Problem details ->
Line by line, set down the following material again exactly.

☆ ☆ ☆ ☆

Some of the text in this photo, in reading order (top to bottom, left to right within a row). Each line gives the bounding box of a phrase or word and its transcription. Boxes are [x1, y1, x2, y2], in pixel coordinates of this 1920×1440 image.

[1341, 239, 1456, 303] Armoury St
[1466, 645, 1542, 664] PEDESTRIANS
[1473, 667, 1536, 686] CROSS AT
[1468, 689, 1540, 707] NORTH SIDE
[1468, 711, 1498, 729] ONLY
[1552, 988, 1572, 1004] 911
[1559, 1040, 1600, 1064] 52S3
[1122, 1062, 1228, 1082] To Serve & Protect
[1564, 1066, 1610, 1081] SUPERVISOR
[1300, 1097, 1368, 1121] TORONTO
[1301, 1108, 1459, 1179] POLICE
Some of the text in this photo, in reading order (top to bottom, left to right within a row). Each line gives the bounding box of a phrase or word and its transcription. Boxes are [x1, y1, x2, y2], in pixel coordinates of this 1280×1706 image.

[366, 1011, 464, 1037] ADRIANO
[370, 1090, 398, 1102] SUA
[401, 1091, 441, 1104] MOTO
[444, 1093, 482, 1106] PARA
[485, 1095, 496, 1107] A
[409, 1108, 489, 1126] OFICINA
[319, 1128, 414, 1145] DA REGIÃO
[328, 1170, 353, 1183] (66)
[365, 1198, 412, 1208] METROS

☆ ☆ ☆ ☆

Output for this task ->
Some of the text in this photo, in reading order (top to bottom, left to right within a row). Each line gives the bounding box of a phrase or word and its transcription. Boxes are [x1, y1, x2, y2], in pixel coordinates of this 1920×1440 image.

[1341, 239, 1456, 303] Armoury St
[1466, 645, 1542, 664] PEDESTRIANS
[1473, 667, 1536, 686] CROSS AT
[1468, 689, 1540, 707] NORTH SIDE
[1468, 711, 1498, 729] ONLY
[1552, 988, 1572, 1004] 911
[1559, 1040, 1600, 1064] 52S3
[1122, 1062, 1228, 1082] To Serve & Protect
[1564, 1066, 1610, 1081] SUPERVISOR
[1300, 1097, 1368, 1121] TORONTO
[1301, 1108, 1459, 1179] POLICE
Some of the text in this photo, in reading order (top to bottom, left to right within a row). Each line gives the bounding box of a phrase or word and its transcription. Boxes are [x1, y1, x2, y2], in pixel coordinates of this 1280×1706 image.

[366, 1011, 464, 1037] ADRIANO
[370, 1090, 398, 1102] SUA
[401, 1091, 441, 1104] MOTO
[444, 1093, 482, 1106] PARA
[485, 1095, 496, 1107] A
[409, 1108, 489, 1126] OFICINA
[319, 1128, 414, 1145] DA REGIÃO
[328, 1170, 353, 1183] (66)
[365, 1198, 412, 1208] METROS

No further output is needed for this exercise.